Records excerpted from a collection |
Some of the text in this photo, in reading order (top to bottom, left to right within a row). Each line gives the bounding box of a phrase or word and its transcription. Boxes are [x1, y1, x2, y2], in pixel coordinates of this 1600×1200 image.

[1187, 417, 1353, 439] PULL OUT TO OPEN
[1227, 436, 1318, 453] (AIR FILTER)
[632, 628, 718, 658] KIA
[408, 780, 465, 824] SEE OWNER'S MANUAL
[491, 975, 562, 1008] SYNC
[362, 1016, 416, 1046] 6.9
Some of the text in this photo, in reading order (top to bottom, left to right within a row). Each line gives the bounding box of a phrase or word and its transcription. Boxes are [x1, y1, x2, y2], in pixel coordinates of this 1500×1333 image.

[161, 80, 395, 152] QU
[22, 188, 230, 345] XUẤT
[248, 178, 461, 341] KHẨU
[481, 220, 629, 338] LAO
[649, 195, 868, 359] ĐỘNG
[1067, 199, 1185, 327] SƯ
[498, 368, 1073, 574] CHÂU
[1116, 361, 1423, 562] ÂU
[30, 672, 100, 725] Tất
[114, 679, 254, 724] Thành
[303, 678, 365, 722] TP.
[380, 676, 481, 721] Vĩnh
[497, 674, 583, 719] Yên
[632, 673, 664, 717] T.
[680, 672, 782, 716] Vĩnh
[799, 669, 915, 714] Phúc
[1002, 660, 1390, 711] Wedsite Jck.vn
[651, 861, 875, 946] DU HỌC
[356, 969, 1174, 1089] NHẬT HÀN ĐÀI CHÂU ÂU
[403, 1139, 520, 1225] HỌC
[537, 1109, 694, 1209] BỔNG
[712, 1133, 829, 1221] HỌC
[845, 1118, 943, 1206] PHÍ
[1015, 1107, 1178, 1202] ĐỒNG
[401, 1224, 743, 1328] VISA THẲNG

What to work on |
Type out the entries exactly as they appear above.

The answer |
Some of the text in this photo, in reading order (top to bottom, left to right within a row). Each line gives the bounding box of a phrase or word and its transcription. Boxes are [x1, y1, x2, y2], in pixel coordinates of this 1600×1200 image.

[1187, 417, 1353, 439] PULL OUT TO OPEN
[1227, 436, 1318, 453] (AIR FILTER)
[632, 628, 718, 658] KIA
[408, 780, 465, 824] SEE OWNER'S MANUAL
[491, 975, 562, 1008] SYNC
[362, 1016, 416, 1046] 6.9
Some of the text in this photo, in reading order (top to bottom, left to right within a row). Each line gives the bounding box of a phrase or word and its transcription. Boxes are [x1, y1, x2, y2], in pixel coordinates of this 1500×1333 image.

[161, 80, 395, 152] QU
[22, 188, 230, 345] XUẤT
[248, 178, 461, 341] KHẨU
[481, 220, 629, 338] LAO
[649, 195, 868, 359] ĐỘNG
[1067, 199, 1185, 327] SƯ
[498, 368, 1073, 574] CHÂU
[1116, 361, 1423, 562] ÂU
[30, 672, 100, 725] Tất
[114, 679, 254, 724] Thành
[303, 678, 365, 722] TP.
[380, 676, 481, 721] Vĩnh
[497, 674, 583, 719] Yên
[632, 673, 664, 717] T.
[680, 672, 782, 716] Vĩnh
[799, 669, 915, 714] Phúc
[1002, 660, 1390, 711] Wedsite Jck.vn
[651, 861, 875, 946] DU HỌC
[356, 969, 1174, 1089] NHẬT HÀN ĐÀI CHÂU ÂU
[403, 1139, 520, 1225] HỌC
[537, 1109, 694, 1209] BỔNG
[712, 1133, 829, 1221] HỌC
[845, 1118, 943, 1206] PHÍ
[1015, 1107, 1178, 1202] ĐỒNG
[401, 1224, 743, 1328] VISA THẲNG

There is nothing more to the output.